@Thomas,
Quote:I agree that perception of reality is species-specific, but perception relates to reality as maps relate to territories.
That is precisely the kind of comparison enabled by the belief in absolute reality.
Another comparison might be that perception relates to reality like books relate to stories.
The book itself is not reality, and neither is the reader. But the way they come together in the reading is reality.
Or perhaps perception relates to reality like images on a computer relates to binary code?
Maybe our brains are like computers interpreting this code. In that case the code would not be reality any more than the code for the image of a flower is the actual image.
Quote:In my vocabulary, reality is whatever is out there. It is not species-specific, although our experience of it, if any, undoubtedly is.

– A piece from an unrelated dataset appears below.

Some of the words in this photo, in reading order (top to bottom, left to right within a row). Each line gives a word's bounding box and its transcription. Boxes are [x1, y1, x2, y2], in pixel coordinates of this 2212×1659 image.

Then our disagreement seems to be a matter of what precisely we each think of as being real. "Whatever is out there" does not disqualify any of the comparisons I made above.

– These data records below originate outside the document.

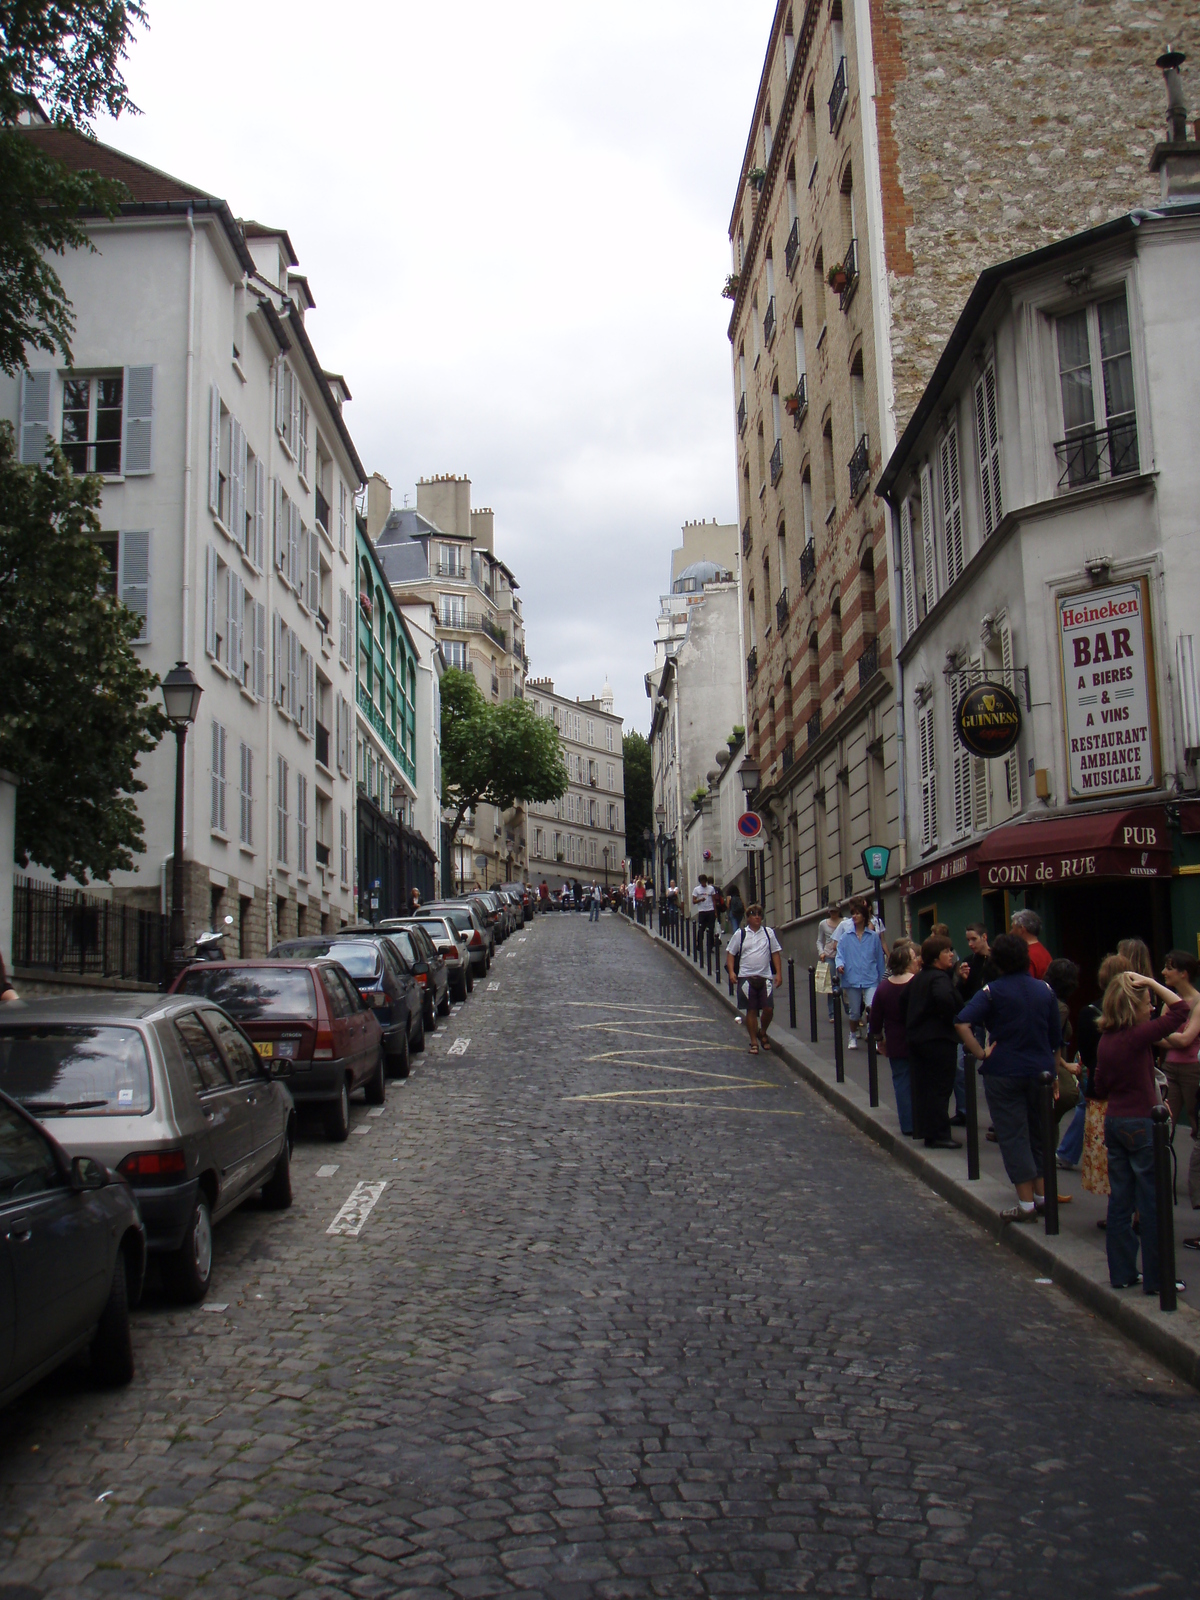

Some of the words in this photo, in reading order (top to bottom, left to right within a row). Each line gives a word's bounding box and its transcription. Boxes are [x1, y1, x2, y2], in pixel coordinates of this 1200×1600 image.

[1062, 600, 1138, 627] Heineken
[1072, 628, 1133, 668] BAR
[1078, 676, 1086, 689] A
[1092, 666, 1133, 686] BIERES
[1101, 691, 1110, 704] &
[961, 712, 1018, 728] GUINNESS
[1086, 713, 1094, 726] A
[1101, 706, 1129, 723] VINS
[1071, 727, 1147, 752] RESTAURANT
[1080, 747, 1141, 770] AMBIANCE
[1082, 766, 1141, 788] MUSICALE
[1123, 827, 1157, 845] PUB
[988, 864, 1028, 884] COIN
[1035, 862, 1053, 880] de
[1060, 856, 1096, 878] RUE
[1130, 867, 1157, 875] GUINNESS

Quote:"Illogical"? What's the logical contradiction?
As you seem to agree to, any experience is species specific. It is also a requirement for something to be considered real that it is a demonstrable fact.

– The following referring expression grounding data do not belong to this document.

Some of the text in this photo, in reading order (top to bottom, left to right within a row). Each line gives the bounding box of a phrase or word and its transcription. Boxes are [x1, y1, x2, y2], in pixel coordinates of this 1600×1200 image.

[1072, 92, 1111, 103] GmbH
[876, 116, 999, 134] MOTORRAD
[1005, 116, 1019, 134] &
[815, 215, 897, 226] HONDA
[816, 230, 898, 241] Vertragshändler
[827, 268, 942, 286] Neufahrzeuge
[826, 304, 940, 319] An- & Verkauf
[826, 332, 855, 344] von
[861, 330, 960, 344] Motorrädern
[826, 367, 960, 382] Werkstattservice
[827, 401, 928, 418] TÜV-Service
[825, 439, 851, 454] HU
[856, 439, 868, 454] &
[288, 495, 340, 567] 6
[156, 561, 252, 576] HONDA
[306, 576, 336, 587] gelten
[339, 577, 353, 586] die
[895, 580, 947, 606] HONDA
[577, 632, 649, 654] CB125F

The contradiction then is that an idea of reality that cannot under any circumstance be demonstrated is understood as fact. It does not contradict intuition,but it contradicts the logic from which these concepts get their meaning. I don't know what you call that kind of fallacy, but it is a fallacy.
Quote:Dictionaries describe clearly what is meant by the term when conventional speakers of English use it; what they mean by it is consistent with my usage and clearly inconsistent with yours.
Could you clarify how my use of the term 'reality' is inconsistent with the dictionary definition?
The dictionary definition relies on our ability to observe and experience that what it says is true. It does not rely on a belief in absolute reality.
Quote:Second, I think statement 2 confuses maps and territories by calling them both "realities". By doing so, it obscures what is meant by "reality" rather than making it more precise.
No. It calls your 'territories'
potential reality or informational code, and sentient interaction with it
reality.
In other words, I am arguing that reality might include the processing of the code, not just the code itself. There might not be anything but unread code on a universal hard drive somewhere if there were no code processing.
Quote:Did bacteria spontaneously spring into existence from one hour to the next?
There had always been something to make people sick. But when these things were identified and described and named, bacteria became a reality. Before that it was god's will or whatever other explanation that was available.